Ein Innovationsschub, der Stoffe mit neuen Wirkmechanismen bereithält, steht nicht bevor. Wie etwa bei fungiziden Carboxamiden, werden zwar neue Wirkstoffe innerhalb bekannter Wirkungsgruppen gefunden. Allerdings drohen bewährte Mittel und Verfahren, wie schon die neonicotinoiden Beizen im Raps, ihre Zulassung zu verlieren. Darüber hinaus entwickeln Schadorganismen immer häufiger Resistenzen, die sich in intensiv geführten Ackerbauregionen schnell verbreiten. In dieser Situation ist die Landwirtschaft gefragt, pflanzenbauliche und phytosanitäre Schaltstellen zu überdenken; auch mit dem Ziel, eine Bandbreite wirkungsvoller chemischer Pflanzenschutzmittel für die Zukunft zu erhalten.
Resistenzbildung
Populationen von Pflanzen oder tierischen Schaderregern sind in der Lage, sich im Laufe von Genrationen an neue Umweltbedingungen anzupassen. Resistenzen liegen zunächst als natürliche und vererbbare Fähigkeit einzelner Individuen einer Schaderregerpopulation vor. Denn regelmäßig überstehen einzelne Organismen eine chemische Behandlung und geben ihre Erbinformationen weiter. Wiederholen sich Umweltbedingungen, wie durch den Einsatz gleicher Wirkstoffe, werden Individuen mit resistenten Eigenschaften selektiert. In der Folge setzen sie die Empfindlichkeit ganzer Populationen gegenüber dem jeweiligen Mittel der Wahl mehr und mehr herab.

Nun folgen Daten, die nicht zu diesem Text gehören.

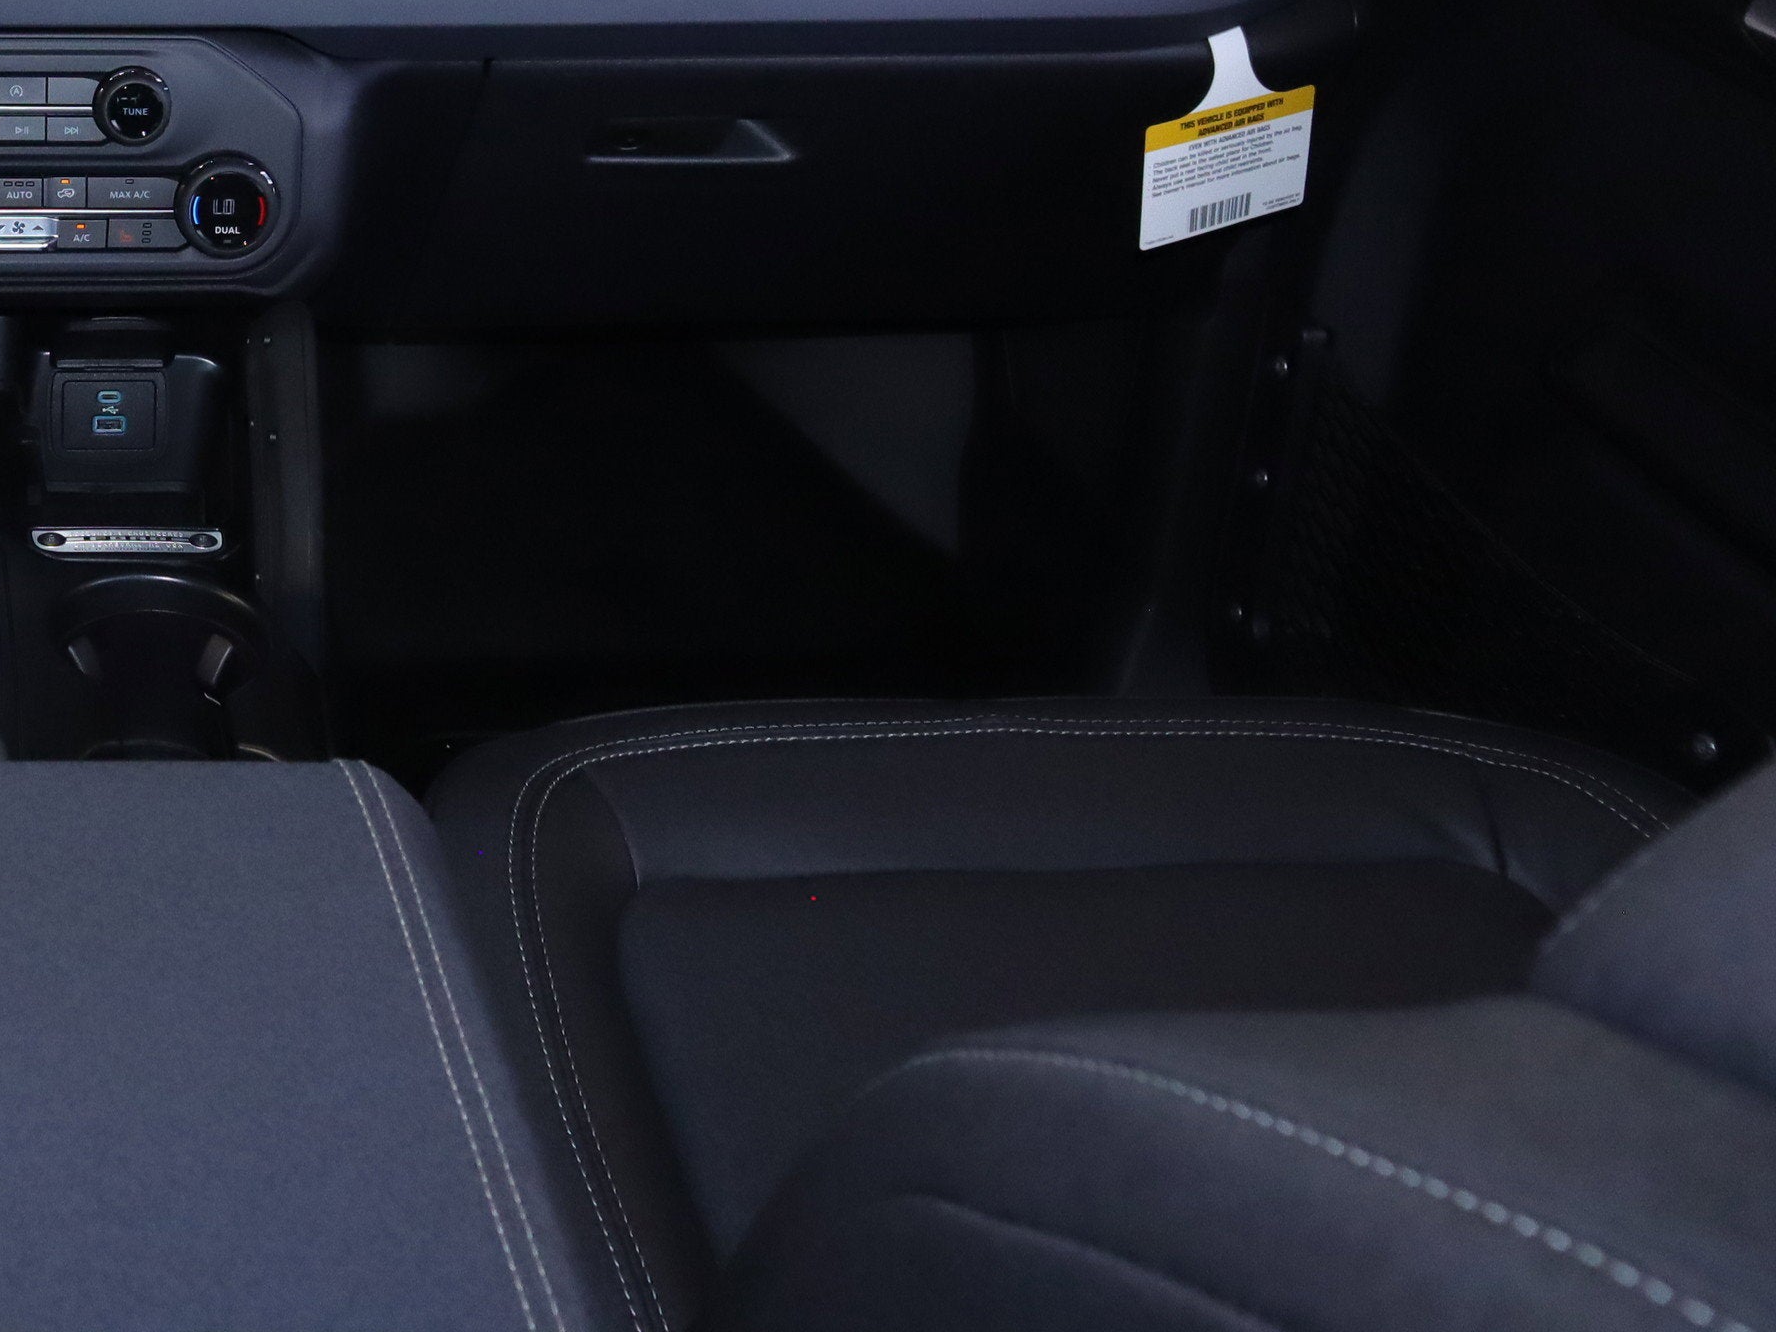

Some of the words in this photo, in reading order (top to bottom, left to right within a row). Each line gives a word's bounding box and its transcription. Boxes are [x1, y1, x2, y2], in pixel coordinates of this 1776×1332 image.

[122, 108, 149, 116] TUNE
[1180, 120, 1195, 130] THIS
[1197, 113, 1223, 126] VEHICLE
[1225, 111, 1232, 119] IS
[1233, 102, 1265, 117] EQUIPPED
[1266, 98, 1283, 108] WITH
[1197, 121, 1232, 136] ADVANCED
[1234, 118, 1246, 127] AIR
[1247, 113, 1264, 123] BAGS
[1188, 142, 1202, 151] EVEN
[1202, 138, 1217, 147] WITH
[1218, 131, 1245, 143] ADVANCED
[1246, 128, 1255, 136] AIR
[1256, 124, 1270, 133] BAGS
[6, 190, 33, 200] AUTO
[109, 190, 131, 199] MAX
[133, 190, 151, 200] A/C
[214, 225, 240, 235] DUAL
[73, 233, 91, 243] A/C

Resistenzbildung ist damit eine natürliche Antwort auf eine veränderte Umwelt. Mittlerweile haben sich in Deutschland sehr viele unterschiedliche Resistenzen gegenüber Herbiziden, Fungiziden und auch Insektiziden entwickelt.

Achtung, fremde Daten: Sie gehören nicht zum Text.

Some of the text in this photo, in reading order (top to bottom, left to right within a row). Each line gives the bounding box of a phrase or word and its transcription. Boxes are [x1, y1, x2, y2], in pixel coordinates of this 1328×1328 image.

Veränderte Zulassungssituation
Mit der Verordnung EG 1107/2009 über das Inverkehrbringen von Pflanzenschutzmitteln ist die EU vom Prinzip der risikobegründeten Zulassung weggegangen und stattdessen zu einer gefahrenbezogenen Beurteilung von Pflanzenschutzmitteln übergegangen. Bewertet wird mittlerweile das Gefährdungspotenzial des reinen Wirkstoffs. Anwendungstypische Begleitumstände wie Formulierung, Konzentration oder Anwendungsauflagen treten in den Hintergrund. Außerdem gelten sogenannte Cut-off- Kriterien, das heißt Ausschlusskriterien. Wirkstoffe, die entweder giftig sind, sich in der Umwelt anreichern oder sich negativ auf den Hormonhaushalt auswirken, finden keinen Platz mehr auf der Annex-1-Listung für eine EU-Genehmigung. Sie werden also entweder gestrichen oder bei erneuter Prüfung nicht mehr aufgenommen. Diese neue Regelung ist besonders für hormonell wirksame Substanzen, kurz ED (Endokrine Disruptoren), noch stark umstritten.

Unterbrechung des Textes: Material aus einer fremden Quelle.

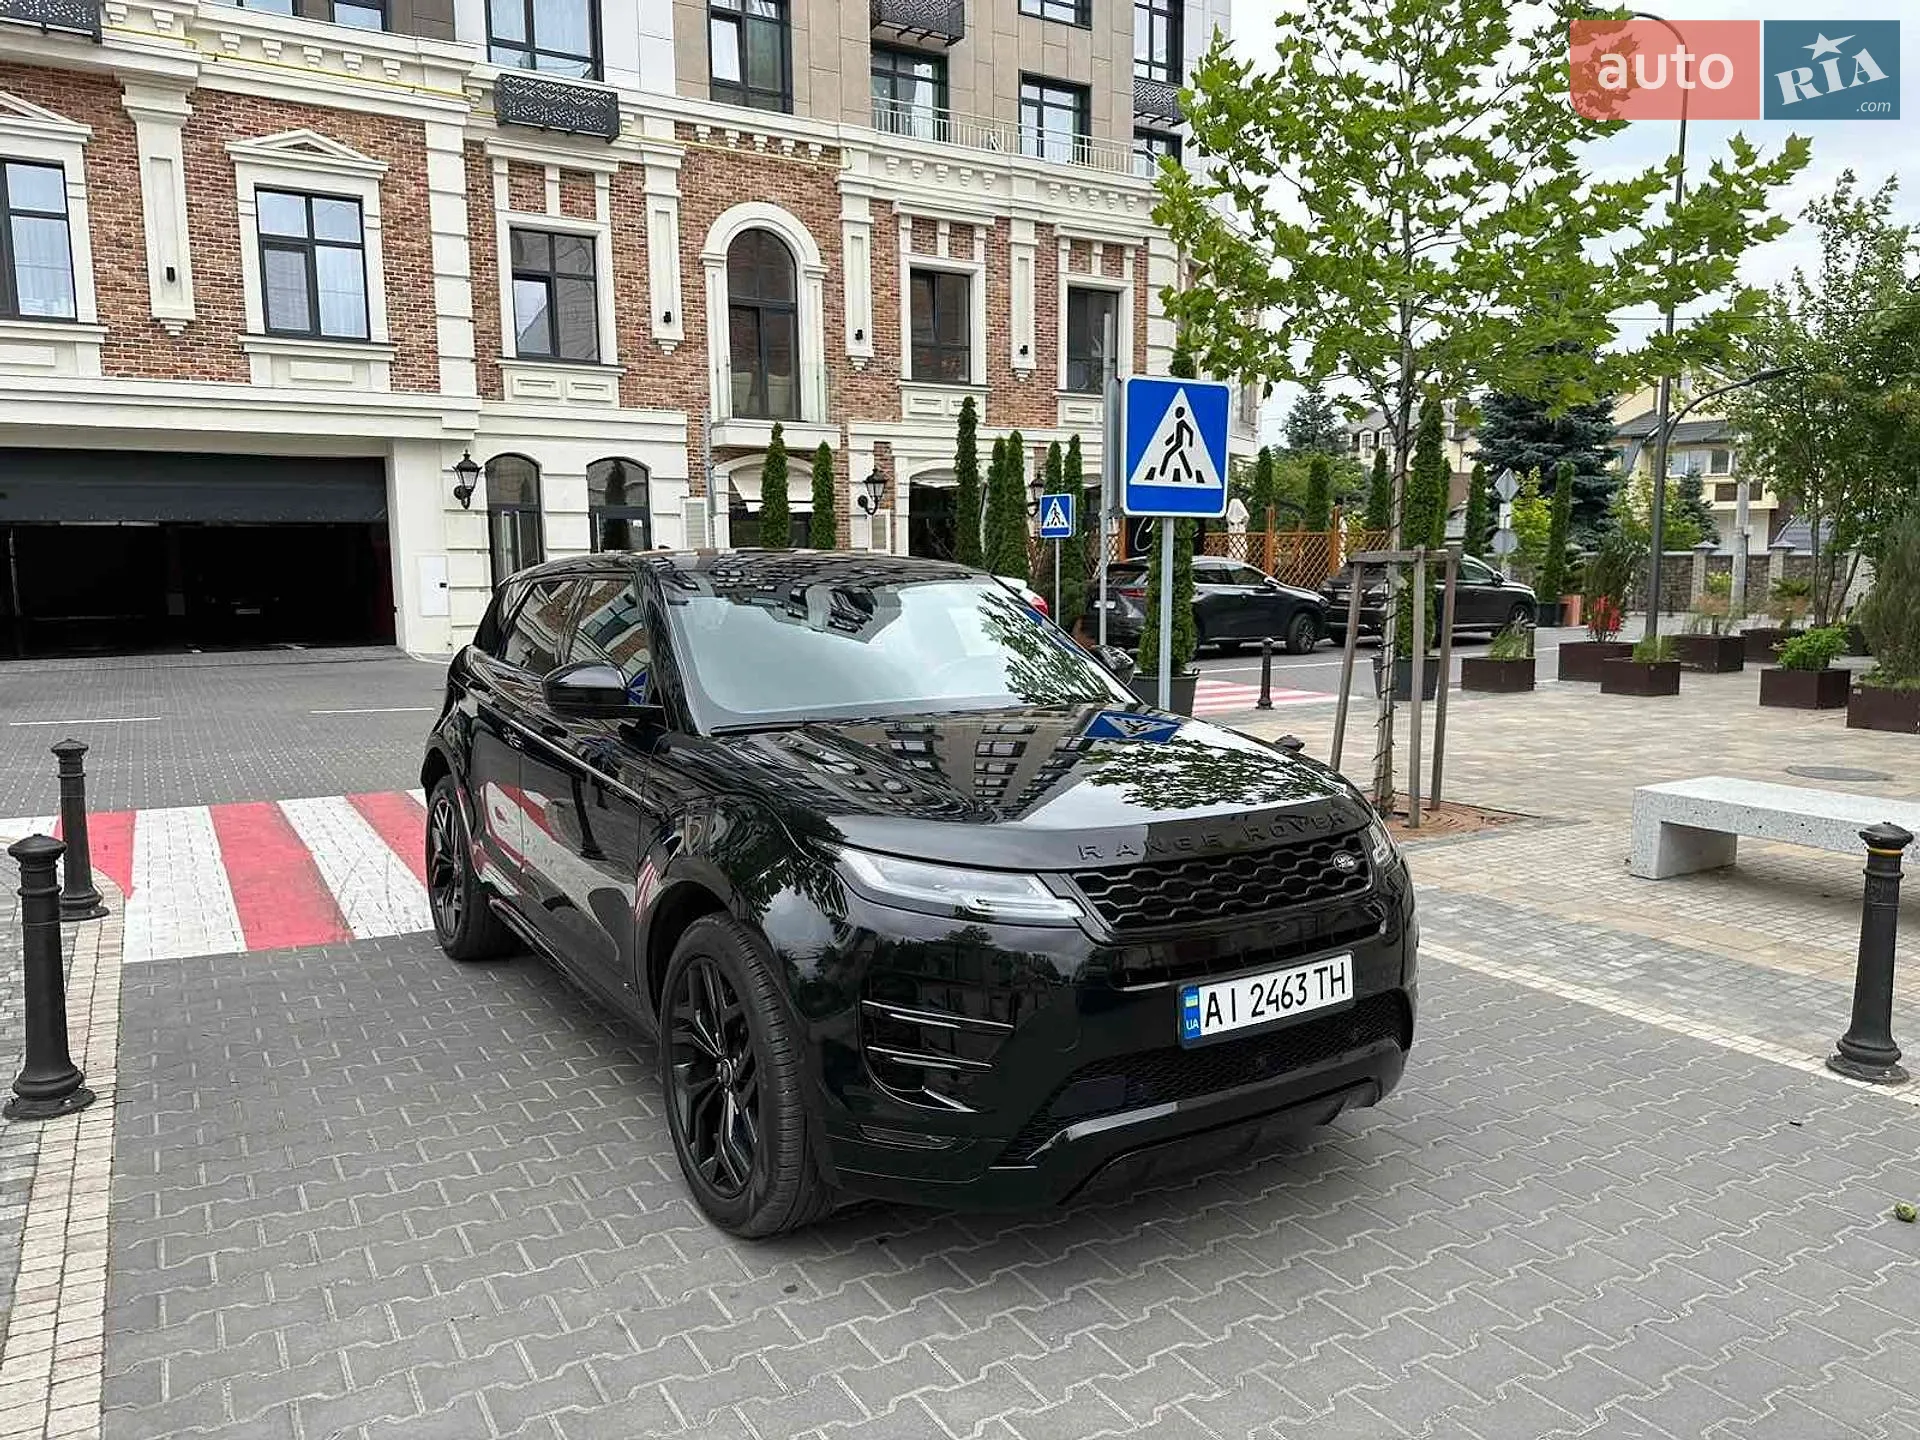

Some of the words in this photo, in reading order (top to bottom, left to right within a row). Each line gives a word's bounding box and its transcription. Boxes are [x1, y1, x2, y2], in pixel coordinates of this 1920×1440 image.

[1077, 833, 1223, 861] RANGE
[1240, 810, 1346, 842] ROVER
[1204, 987, 1237, 1028] AI
[1250, 971, 1307, 1018] 2463
[1313, 961, 1346, 1000] TH
[1185, 1018, 1200, 1031] UA

Außerdem sollen nach Vorgabe der Verordnung, Wirkstoffe mit schädlichen Eigenschaften ersetzt werden. Und zwar dann, wenn andere Produkte oder Wirkstoffe von der Europäischen Behörde für Lebensmittelsicherheit (EFSA) günstiger beurteilt werden. Die so ermittelten Kandidaten für eine Substitution verschwinden vom Markt, werden nur verkürzt zugelassen oder erhalten Auflagen für ihre Anwendung. Dieses Verfahren betrifft Altwirkstoffe wie zum Beispiel die Fungizid-Gruppe der Azole und trifft auch wichtige Herbizide. Auf welche Wirkstoffe die Praxis in Zukunft verzichten muss, steht noch nicht fest. Damit Resistenzmanagement möglich bleibt, sollen für alle Befallssituationen Mittel aus mindestens drei Wirkungsgruppen verfügbar bleiben.